Potential of magnetic resonance-guided focused ultrasound for intracranial hemorrhage: an in vitro feasibility study.

Intracranial hemorrhage has a mortality rate of up to 40-60% due to the lack of effective treatment. Magnetic resonance-guided focused ultrasound may offer a breakthrough noninvasive technology, by allowing accurate delivery of focused ultrasound, under the guidance of real-time magnetic resonance imaging. The purpose of the current study was to optimize the acoustic parameters of magnetic resonance-guided focused ultrasound for effective clot liquefaction, in order to evaluate the feasibility of magnetic resonance-guided focused ultrasound for thrombolysis.

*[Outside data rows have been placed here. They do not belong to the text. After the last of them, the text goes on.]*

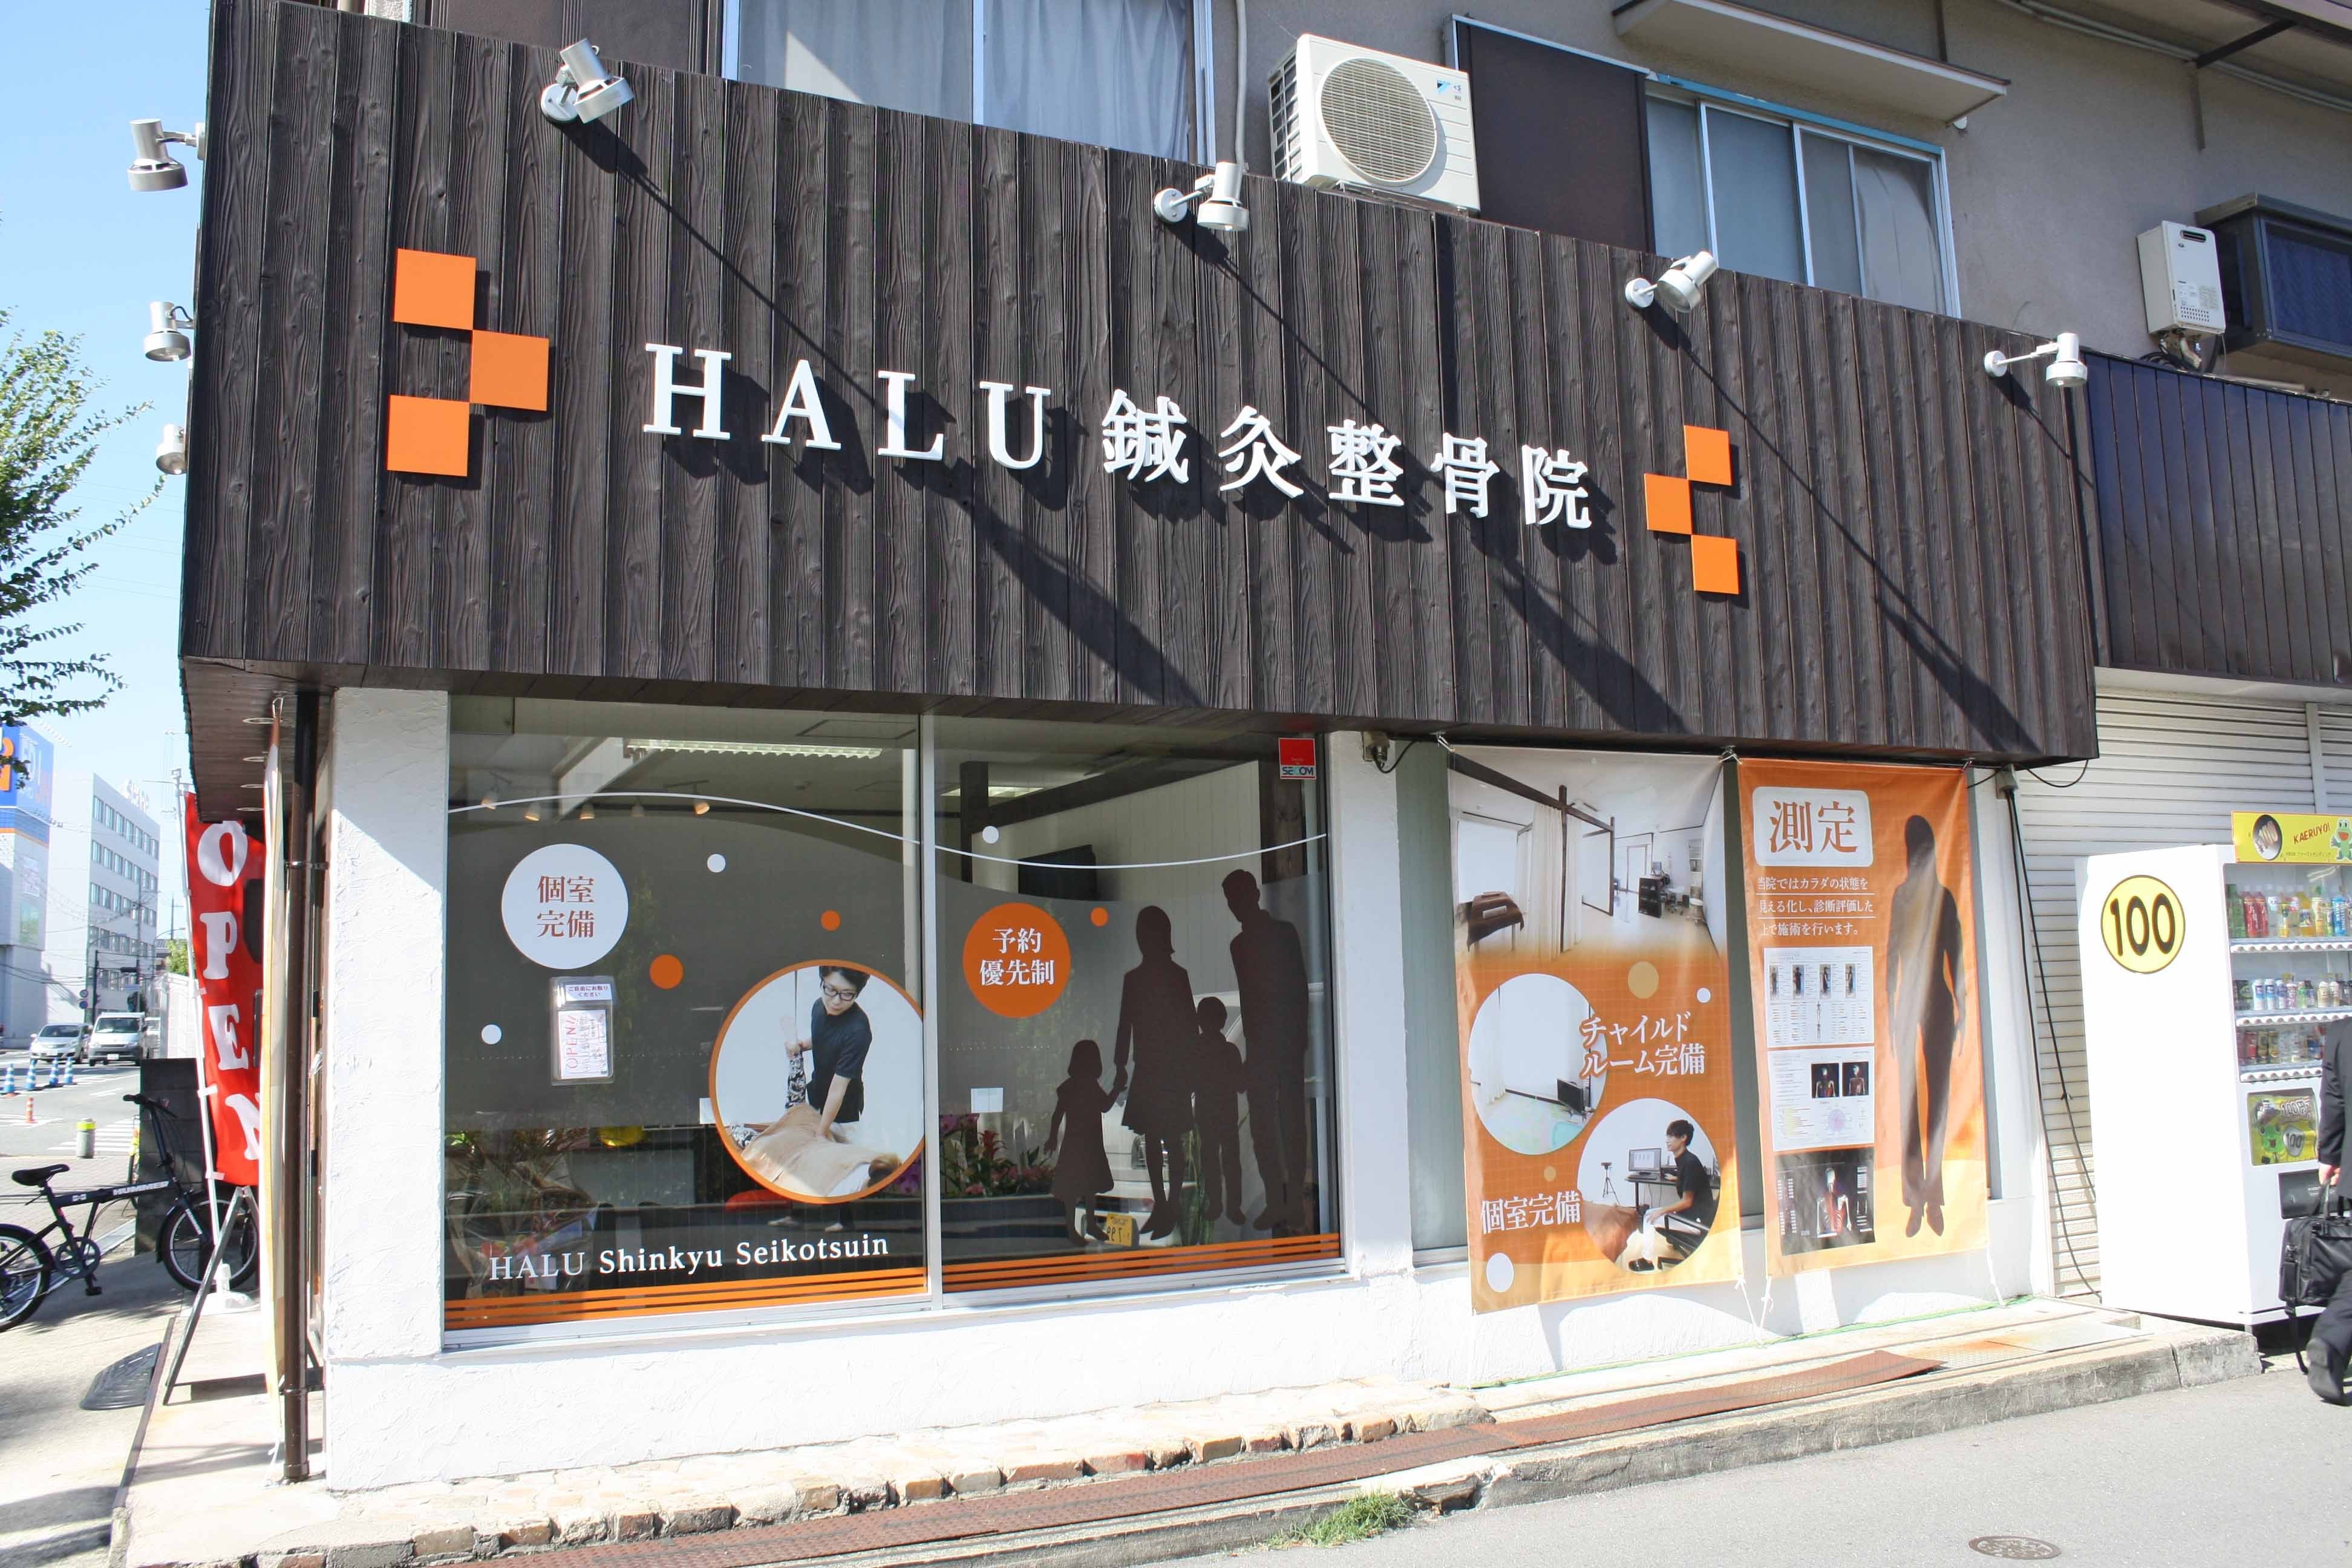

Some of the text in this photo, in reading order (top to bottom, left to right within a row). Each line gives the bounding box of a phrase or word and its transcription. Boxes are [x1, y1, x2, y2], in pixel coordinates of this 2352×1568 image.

[643, 343, 1592, 529] HALU 鍼灸整骨院
[1768, 800, 1858, 853] 測定
[537, 875, 595, 903] 個室
[1757, 877, 1869, 890] 当院ではカラダの状態を
[1759, 899, 1873, 913] 見える化し、診断評価した
[537, 909, 595, 938] 完備
[1761, 922, 1858, 936] 上で施術を行います。
[2109, 893, 2176, 956] 100
[992, 927, 1042, 954] 予約
[979, 959, 1055, 986] 優先制
[1581, 1011, 1691, 1047] チャイルド
[1581, 1043, 1706, 1077] ルーム完備
[1480, 1190, 1581, 1235] 個室完備
[489, 1233, 889, 1281] HALU Shinkyu Seikotsuin
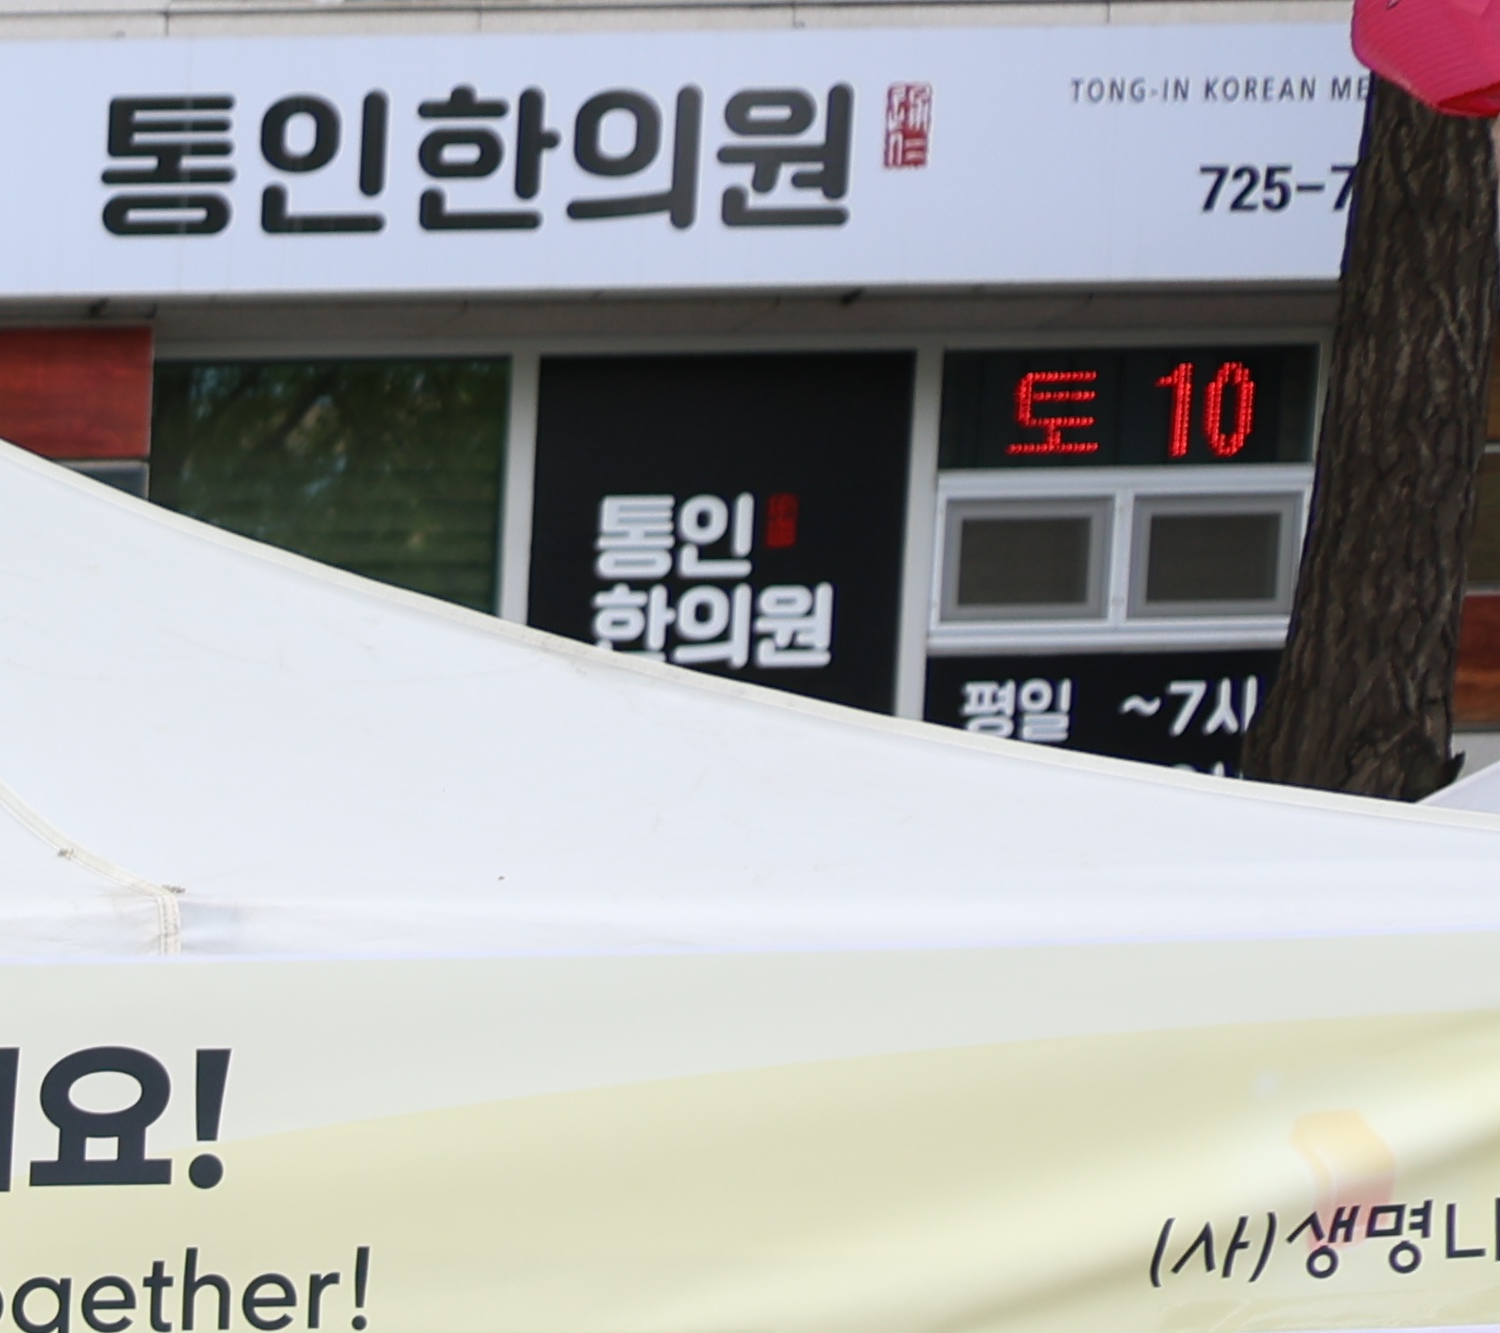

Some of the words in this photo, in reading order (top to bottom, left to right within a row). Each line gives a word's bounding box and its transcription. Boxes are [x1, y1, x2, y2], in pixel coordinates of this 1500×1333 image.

[1072, 77, 1190, 104] TONG-IN
[1205, 75, 1317, 101] KOREAN
[101, 84, 854, 236] 통인한의원
[1006, 370, 1100, 456] 토
[1155, 361, 1256, 458] 10
[596, 491, 755, 579] 통인
[593, 581, 835, 669] 한의원
[960, 677, 1073, 742] 평일
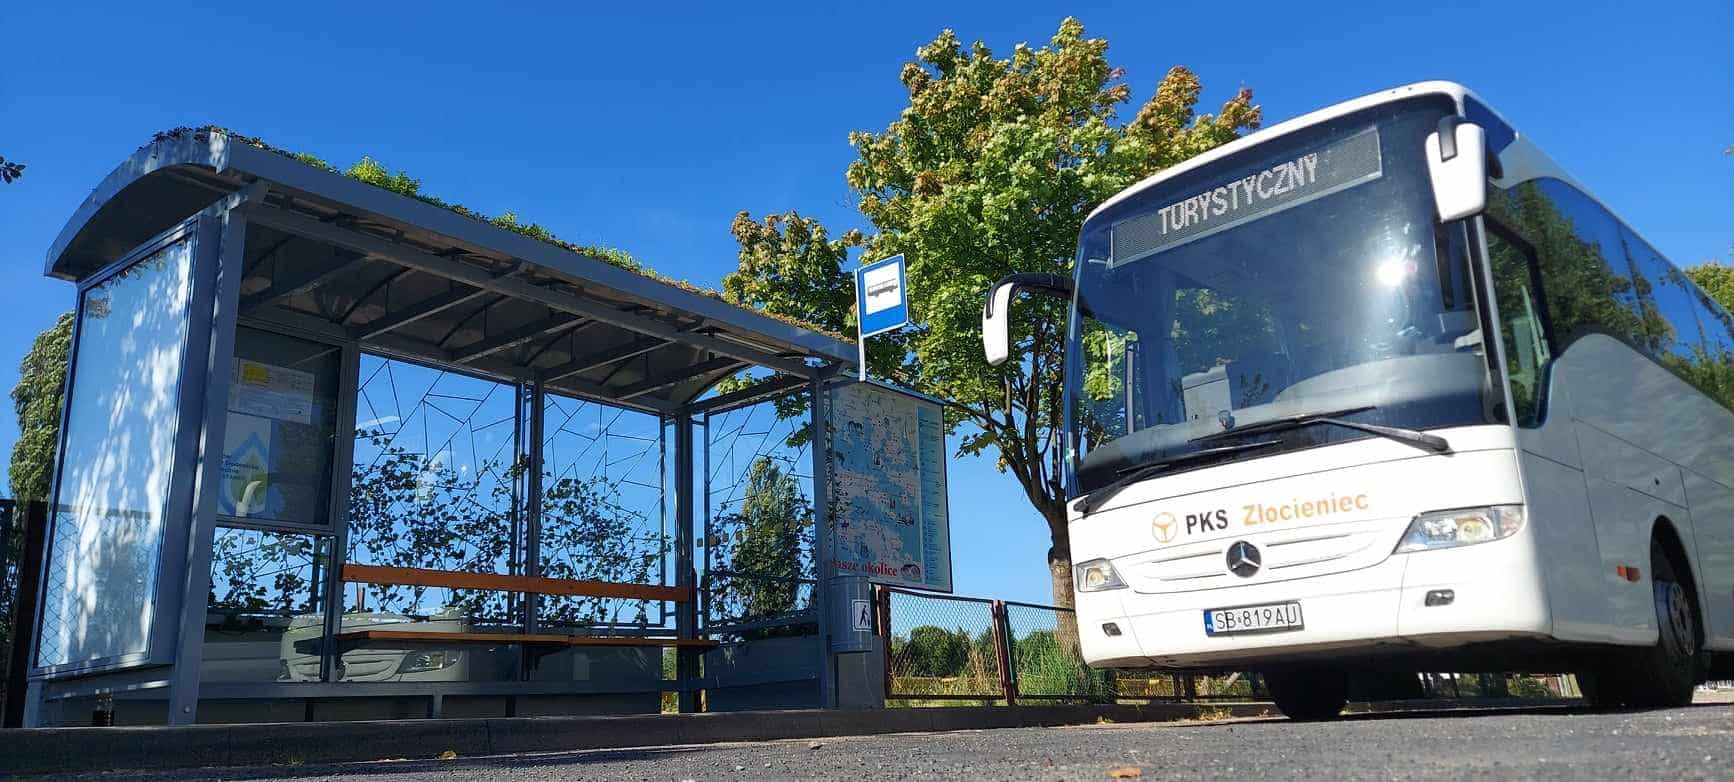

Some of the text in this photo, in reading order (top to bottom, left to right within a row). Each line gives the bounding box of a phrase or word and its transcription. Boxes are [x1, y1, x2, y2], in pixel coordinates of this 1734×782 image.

[1158, 153, 1319, 234] TURYSTYCZNY
[1186, 509, 1229, 535] PKS
[863, 559, 898, 576] okolice
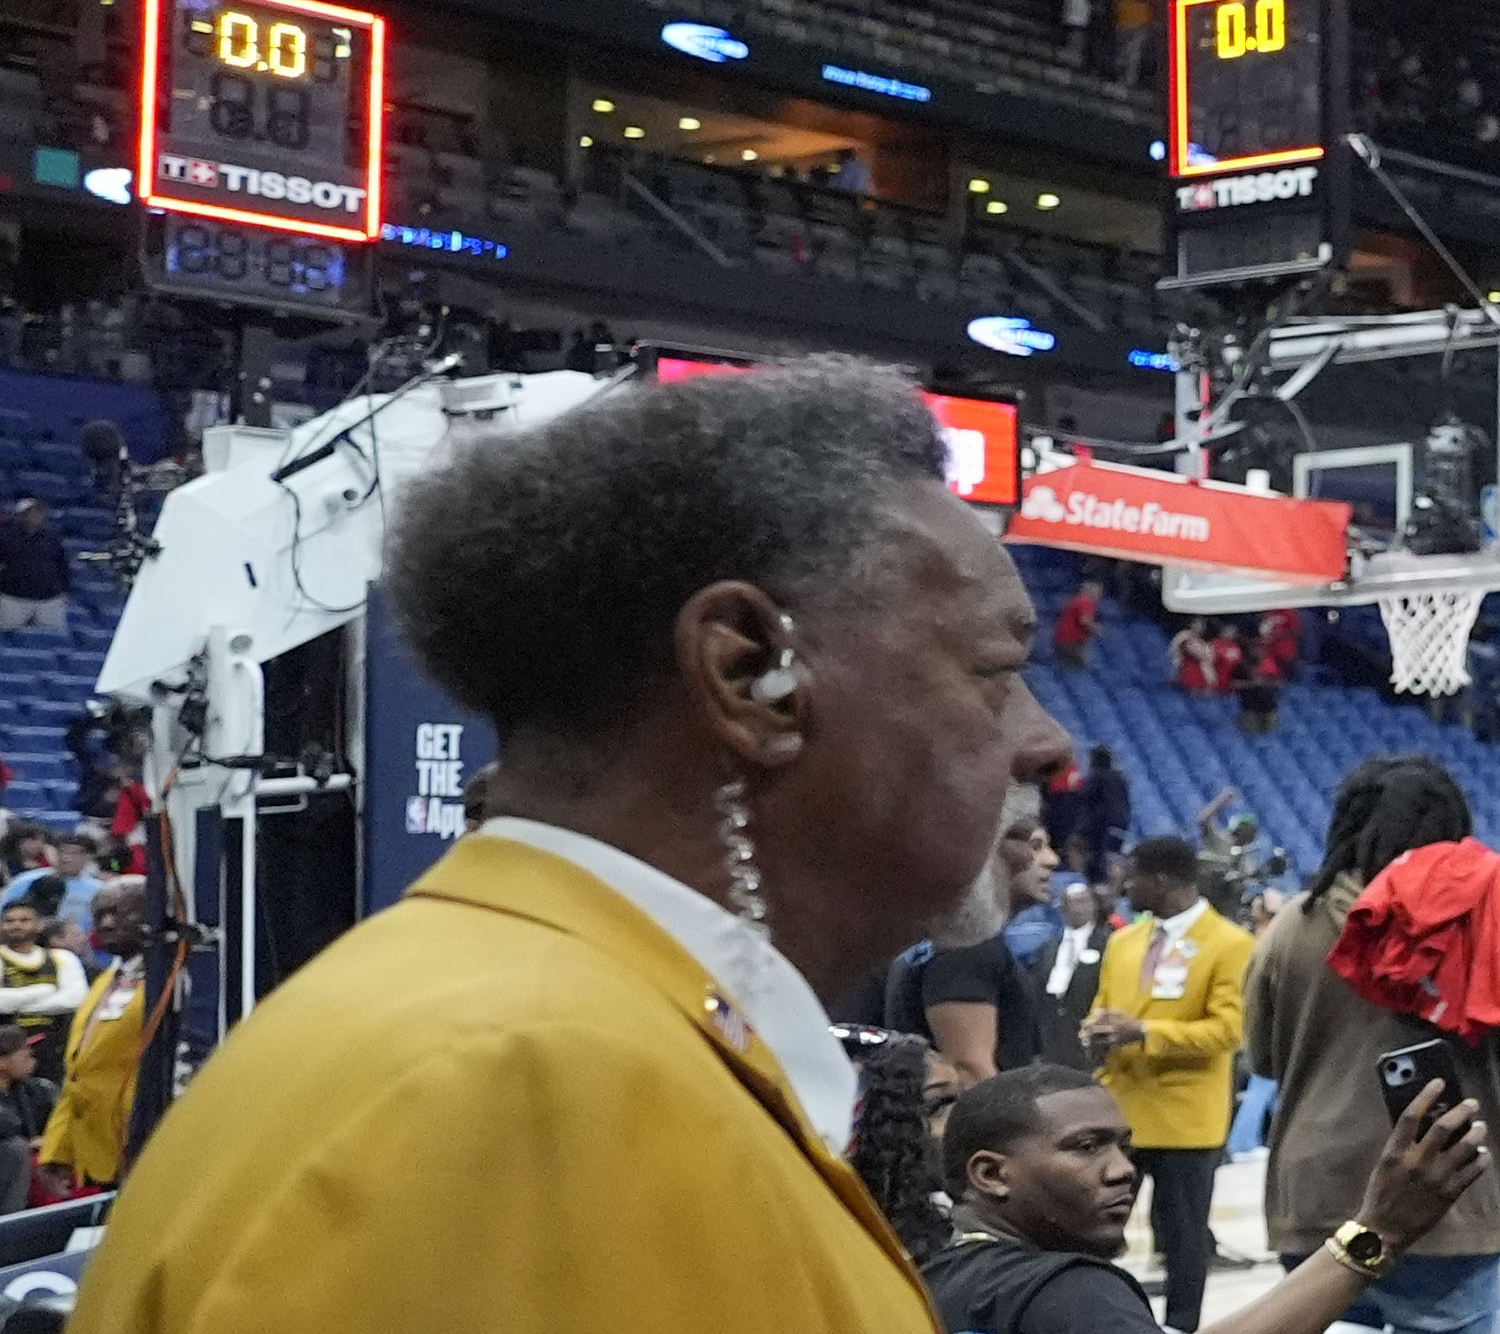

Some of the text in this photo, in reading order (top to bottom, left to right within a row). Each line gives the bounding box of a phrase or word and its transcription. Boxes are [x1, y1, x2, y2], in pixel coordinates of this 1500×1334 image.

[217, 10, 308, 79] 0.0
[217, 162, 368, 214] TISSOT
[1211, 165, 1319, 208] TISSOT
[415, 722, 465, 761] GET
[415, 759, 465, 798] THE

Body (1·1 MHz) and brain (220 kHz) magnetic resonance-guided focused ultrasound systems (InSightec Ltd, Tirat Carmel, Israel) were used to treat tube-like (4 cc), round (10 cc), and bulk (300 cc) porcine blood clots in vitro, using burst sonications of one-second to five-seconds, a duty cycle of 5-50%, and peak acoustic powers between 600 and 1200 W. Liquefied volumes were measured as hyperintense regions on T2-weighted magnetic resonance images for body unit sonications (duration of one-second, duty cycle of 10%, and power of 500-1200 W). Liquefaction efficiency was calculated for brain unit sonications (duration of one-second, duty cycle of 10%, power of 600 W, and burst length between 0·1 ms and 100 ms). Liquified lesion volume increased as power was raised, without a thermal rise. For brain unit sonications, a power setting of 600 W and ultrashort sonications (burst length between 0·1 and 1·0 ms) resulted in liquefaction efficacy above 50%, while longer burst duration yielded lower efficacy. These results demonstrate the feasibility of obtaining reproducible, rapid, efficient, and accurate blood clot lysis using the magnetic resonance-guided focused ultrasound system. Further in vivo studies are needed to validate the feasibility of magnetic resonance-guided focused ultrasound as a treatment modality for intracranial hemorrhage.